When Growth Is the Problem
A company we knew closely had been growing at 40% year over year for three years. The founders talked about the growth constantly. Investors were interested. The team had doubled. The revenue number was the answer to every question about how the company was doing.
In year four the growth slowed to 15% and the conversation changed. For the first time, the team had to look at the margins rather than the topline, and what they found was that the margins had been compressing for two years. The cost structure had grown to match the revenue, and in some areas had outgrown it. The company was not worth less than it had been when it was growing faster. It was worth considerably less, because the growth had obscured how much of the underlying business economics had deteriorated.

What growth can hide
Revenue growth covers problems that are visible only when growth slows or stops. The most common is compressing margins. A company that is growing by adding lower-margin clients, or by increasing its cost of delivery to serve its existing clients at scale, can show revenue growth while the underlying business becomes less profitable per unit. At the top line, everything is moving in the right direction. Below the revenue line, the business is quietly getting worse.

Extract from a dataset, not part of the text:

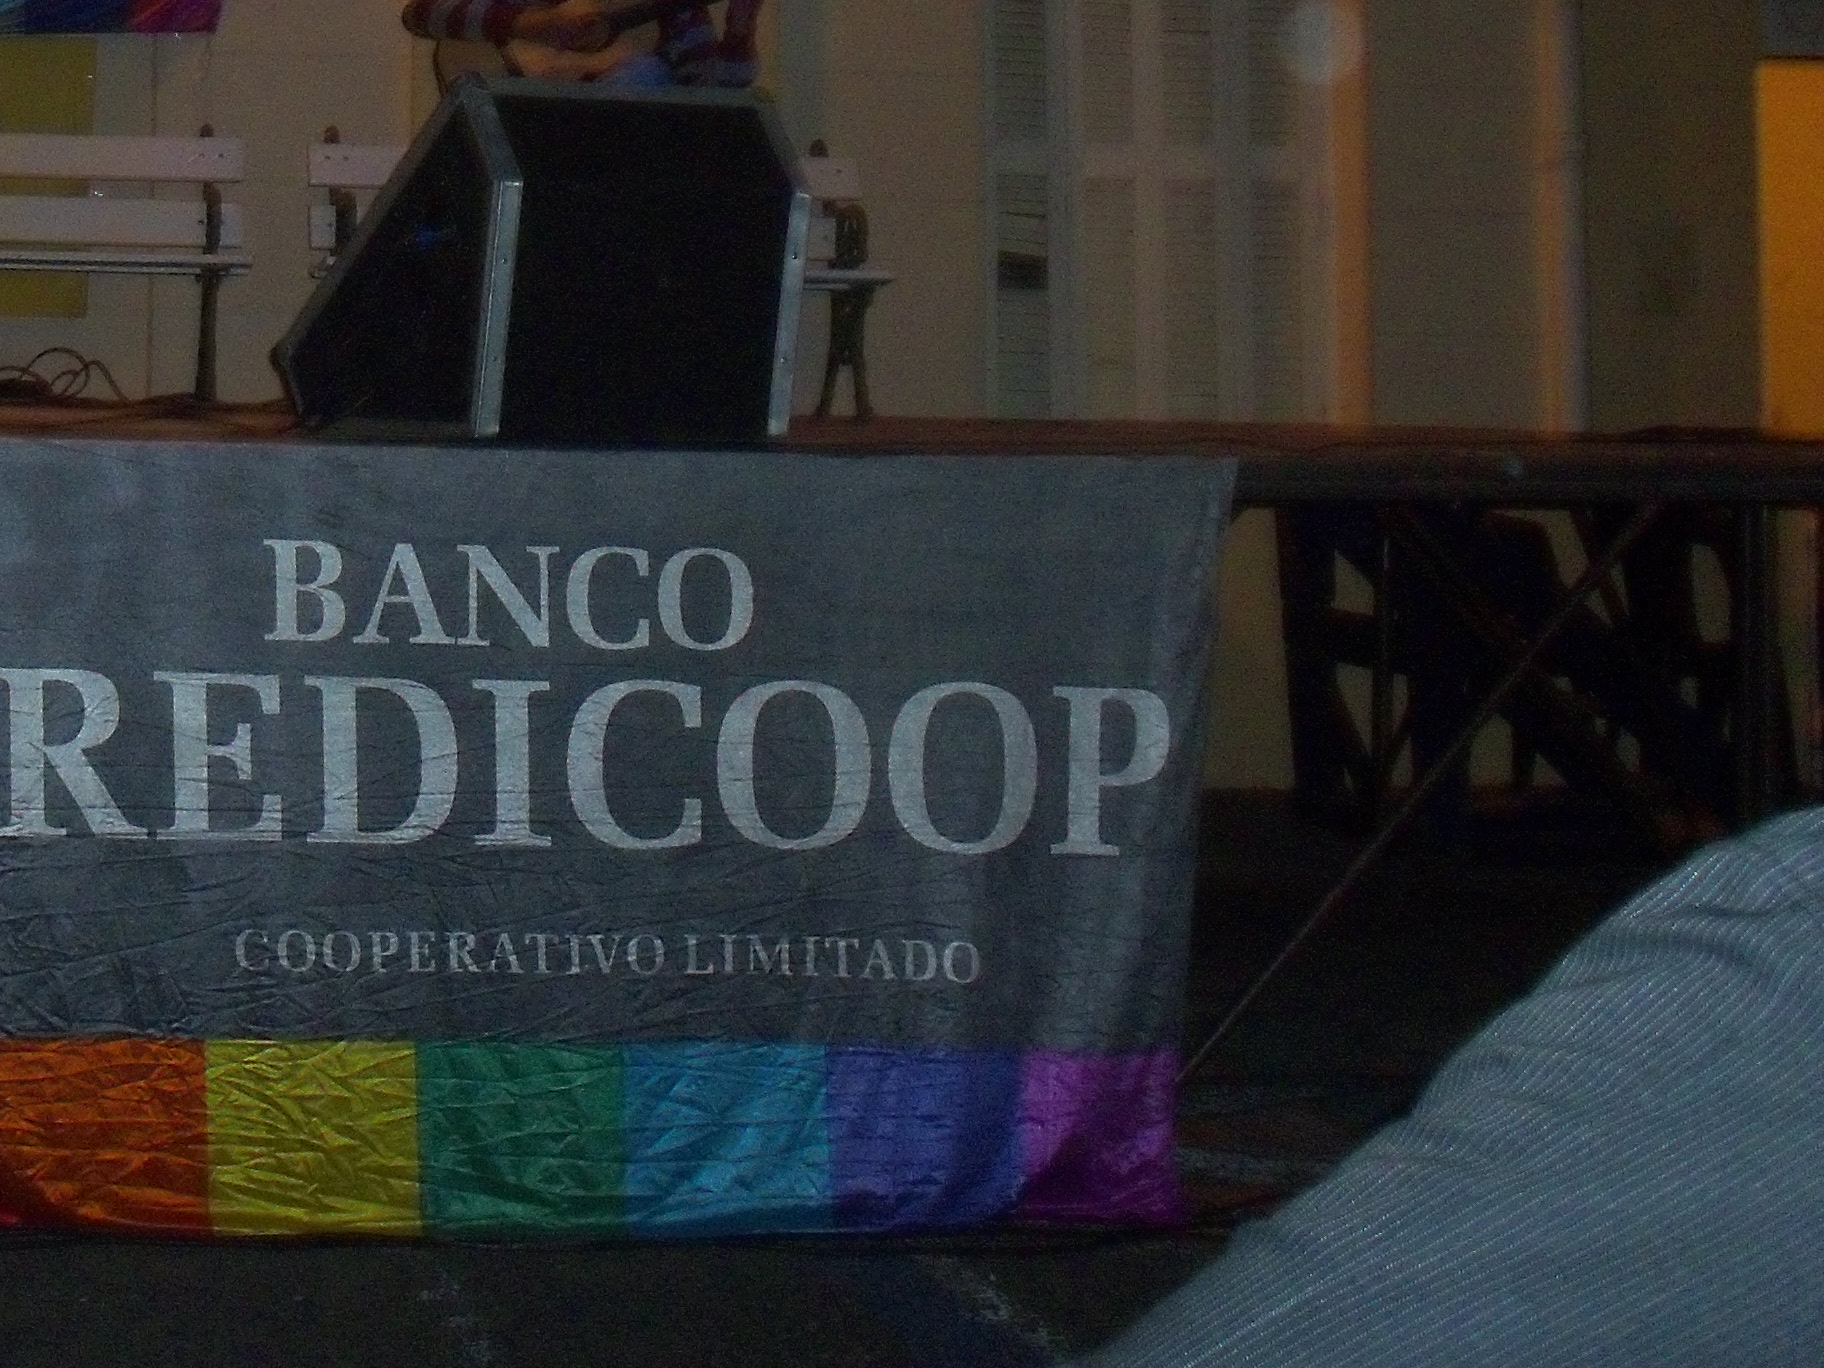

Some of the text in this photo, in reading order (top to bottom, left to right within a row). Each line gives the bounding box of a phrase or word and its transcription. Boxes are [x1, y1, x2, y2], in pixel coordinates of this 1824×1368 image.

[263, 538, 755, 651] BANCO
[234, 929, 980, 984] COOPERATIVO LIMITADO

Customer concentration hides the same way. A company that grows primarily by deepening its relationship with one or two large clients is growing a dependency, not building a business. When growth looks like 40% year over year, the question of what percentage of that growth came from the same three clients does not get asked. When growth slows, the question answers itself.
Operational chaos managed by adding people is a subtler version. A business that solves its scaling problems by hiring, rather than by building systems that allow fewer people to handle more volume, is growing its headcount as a substitute for operational discipline. At some point the headcount cost overtakes the margin available to pay for it.

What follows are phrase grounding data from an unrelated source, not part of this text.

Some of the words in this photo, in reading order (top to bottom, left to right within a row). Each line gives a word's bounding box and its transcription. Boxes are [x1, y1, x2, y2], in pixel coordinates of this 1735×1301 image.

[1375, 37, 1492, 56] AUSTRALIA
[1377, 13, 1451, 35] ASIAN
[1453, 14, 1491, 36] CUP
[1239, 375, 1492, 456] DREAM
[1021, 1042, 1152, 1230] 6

How to tell the difference
Healthy growth improves the underlying economics of the business as it scales. Margins should improve or hold as volume increases. Customer acquisition cost should decline as the brand builds and referrals increase. The ratio of revenue to headcount should improve as the team builds capacity.
Problematic growth does the opposite. Margins compress as the company adds volume. The team grows faster than revenue. New clients are harder and more expensive to acquire than the first ones were. The business is running harder to stay in place, and the running is being funded by the topline number.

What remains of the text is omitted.